**Recorded information**

┌────────

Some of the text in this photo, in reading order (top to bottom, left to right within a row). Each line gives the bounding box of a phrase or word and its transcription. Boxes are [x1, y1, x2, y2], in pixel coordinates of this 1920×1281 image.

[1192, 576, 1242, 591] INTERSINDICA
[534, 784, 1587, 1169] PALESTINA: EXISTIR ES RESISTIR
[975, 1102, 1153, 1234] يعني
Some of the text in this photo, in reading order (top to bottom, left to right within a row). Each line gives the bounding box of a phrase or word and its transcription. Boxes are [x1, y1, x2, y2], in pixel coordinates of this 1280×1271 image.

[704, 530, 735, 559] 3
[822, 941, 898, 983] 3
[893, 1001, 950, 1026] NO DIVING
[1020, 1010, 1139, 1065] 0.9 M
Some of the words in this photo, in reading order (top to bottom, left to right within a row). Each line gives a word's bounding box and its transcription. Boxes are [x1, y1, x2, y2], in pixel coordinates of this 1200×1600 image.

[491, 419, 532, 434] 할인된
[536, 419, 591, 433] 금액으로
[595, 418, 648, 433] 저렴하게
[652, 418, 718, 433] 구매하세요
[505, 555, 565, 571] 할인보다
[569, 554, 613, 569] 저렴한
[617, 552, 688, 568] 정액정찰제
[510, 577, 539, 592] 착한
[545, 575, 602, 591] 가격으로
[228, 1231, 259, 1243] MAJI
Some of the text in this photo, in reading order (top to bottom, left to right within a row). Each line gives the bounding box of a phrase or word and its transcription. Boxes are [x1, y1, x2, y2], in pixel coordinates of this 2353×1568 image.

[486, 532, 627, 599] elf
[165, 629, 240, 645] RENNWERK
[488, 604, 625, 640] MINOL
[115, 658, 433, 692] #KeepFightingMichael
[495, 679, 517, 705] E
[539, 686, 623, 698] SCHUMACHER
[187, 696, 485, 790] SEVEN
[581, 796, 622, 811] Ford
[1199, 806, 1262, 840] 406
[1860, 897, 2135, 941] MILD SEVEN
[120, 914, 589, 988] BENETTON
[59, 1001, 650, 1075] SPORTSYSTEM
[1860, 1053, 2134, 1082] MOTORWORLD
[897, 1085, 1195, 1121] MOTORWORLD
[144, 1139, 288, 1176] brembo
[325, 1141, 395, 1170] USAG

└────────

**Task description**
With the line containing "this 2353×1568 image." as the first and the final line of the records as the last, copy that span exactly and nothing more.

**Answer section**
Some of the text in this photo, in reading order (top to bottom, left to right within a row). Each line gives the bounding box of a phrase or word and its transcription. Boxes are [x1, y1, x2, y2], in pixel coordinates of this 2353×1568 image.

[486, 532, 627, 599] elf
[165, 629, 240, 645] RENNWERK
[488, 604, 625, 640] MINOL
[115, 658, 433, 692] #KeepFightingMichael
[495, 679, 517, 705] E
[539, 686, 623, 698] SCHUMACHER
[187, 696, 485, 790] SEVEN
[581, 796, 622, 811] Ford
[1199, 806, 1262, 840] 406
[1860, 897, 2135, 941] MILD SEVEN
[120, 914, 589, 988] BENETTON
[59, 1001, 650, 1075] SPORTSYSTEM
[1860, 1053, 2134, 1082] MOTORWORLD
[897, 1085, 1195, 1121] MOTORWORLD
[144, 1139, 288, 1176] brembo
[325, 1141, 395, 1170] USAG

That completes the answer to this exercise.